[Input data]

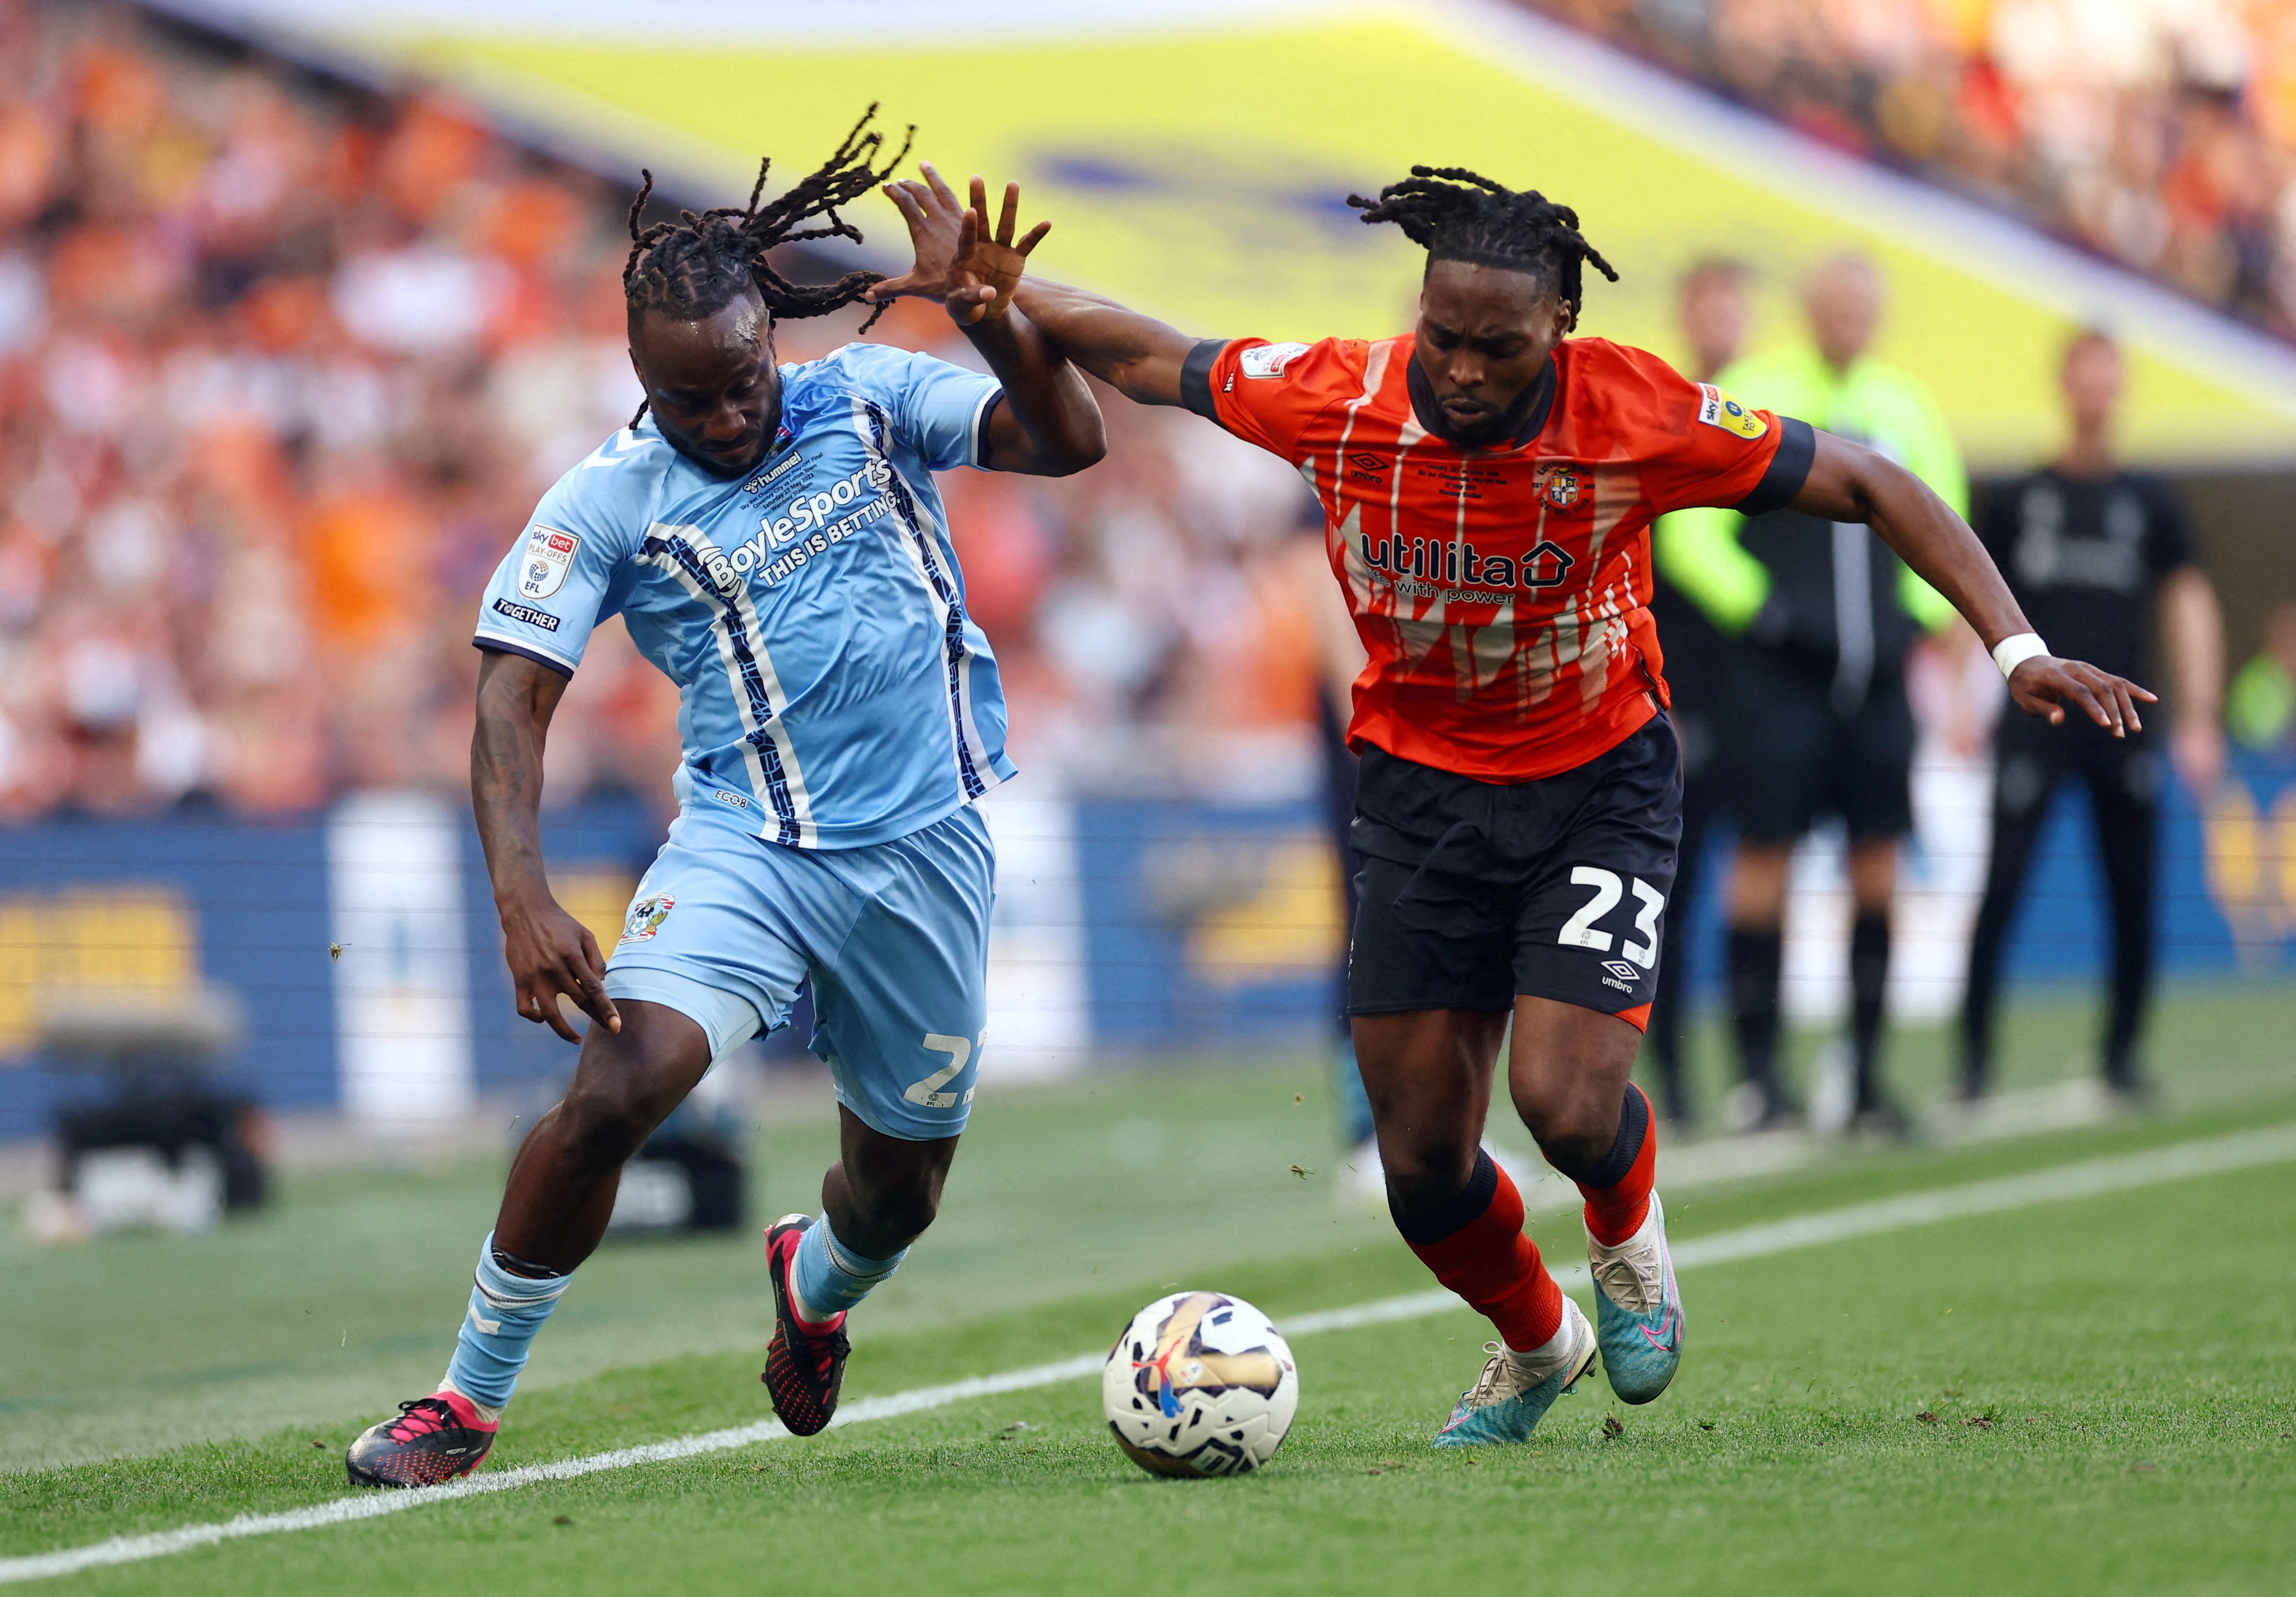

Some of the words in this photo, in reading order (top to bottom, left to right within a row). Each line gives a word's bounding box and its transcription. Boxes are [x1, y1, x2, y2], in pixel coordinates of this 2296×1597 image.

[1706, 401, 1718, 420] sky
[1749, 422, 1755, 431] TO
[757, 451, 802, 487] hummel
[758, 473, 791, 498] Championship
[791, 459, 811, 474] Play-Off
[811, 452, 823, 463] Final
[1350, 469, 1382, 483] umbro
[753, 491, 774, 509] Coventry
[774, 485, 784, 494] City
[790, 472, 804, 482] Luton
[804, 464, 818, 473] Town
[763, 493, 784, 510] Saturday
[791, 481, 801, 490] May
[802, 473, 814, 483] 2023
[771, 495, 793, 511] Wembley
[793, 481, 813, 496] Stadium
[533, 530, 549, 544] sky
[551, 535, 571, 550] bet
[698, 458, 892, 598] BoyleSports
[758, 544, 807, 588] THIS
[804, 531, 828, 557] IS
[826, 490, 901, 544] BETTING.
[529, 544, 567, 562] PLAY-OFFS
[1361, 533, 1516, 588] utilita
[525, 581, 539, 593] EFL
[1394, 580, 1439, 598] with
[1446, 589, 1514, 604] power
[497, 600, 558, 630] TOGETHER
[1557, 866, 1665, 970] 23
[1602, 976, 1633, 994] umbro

[/Input data]

→ Your task:
Copy every record character for character. Skip the pictures.

→ Response below:
Some of the words in this photo, in reading order (top to bottom, left to right within a row). Each line gives a word's bounding box and its transcription. Boxes are [x1, y1, x2, y2], in pixel coordinates of this 2296×1597 image.

[1706, 401, 1718, 420] sky
[1749, 422, 1755, 431] TO
[757, 451, 802, 487] hummel
[758, 473, 791, 498] Championship
[791, 459, 811, 474] Play-Off
[811, 452, 823, 463] Final
[1350, 469, 1382, 483] umbro
[753, 491, 774, 509] Coventry
[774, 485, 784, 494] City
[790, 472, 804, 482] Luton
[804, 464, 818, 473] Town
[763, 493, 784, 510] Saturday
[791, 481, 801, 490] May
[802, 473, 814, 483] 2023
[771, 495, 793, 511] Wembley
[793, 481, 813, 496] Stadium
[533, 530, 549, 544] sky
[551, 535, 571, 550] bet
[698, 458, 892, 598] BoyleSports
[758, 544, 807, 588] THIS
[804, 531, 828, 557] IS
[826, 490, 901, 544] BETTING.
[529, 544, 567, 562] PLAY-OFFS
[1361, 533, 1516, 588] utilita
[525, 581, 539, 593] EFL
[1394, 580, 1439, 598] with
[1446, 589, 1514, 604] power
[497, 600, 558, 630] TOGETHER
[1557, 866, 1665, 970] 23
[1602, 976, 1633, 994] umbro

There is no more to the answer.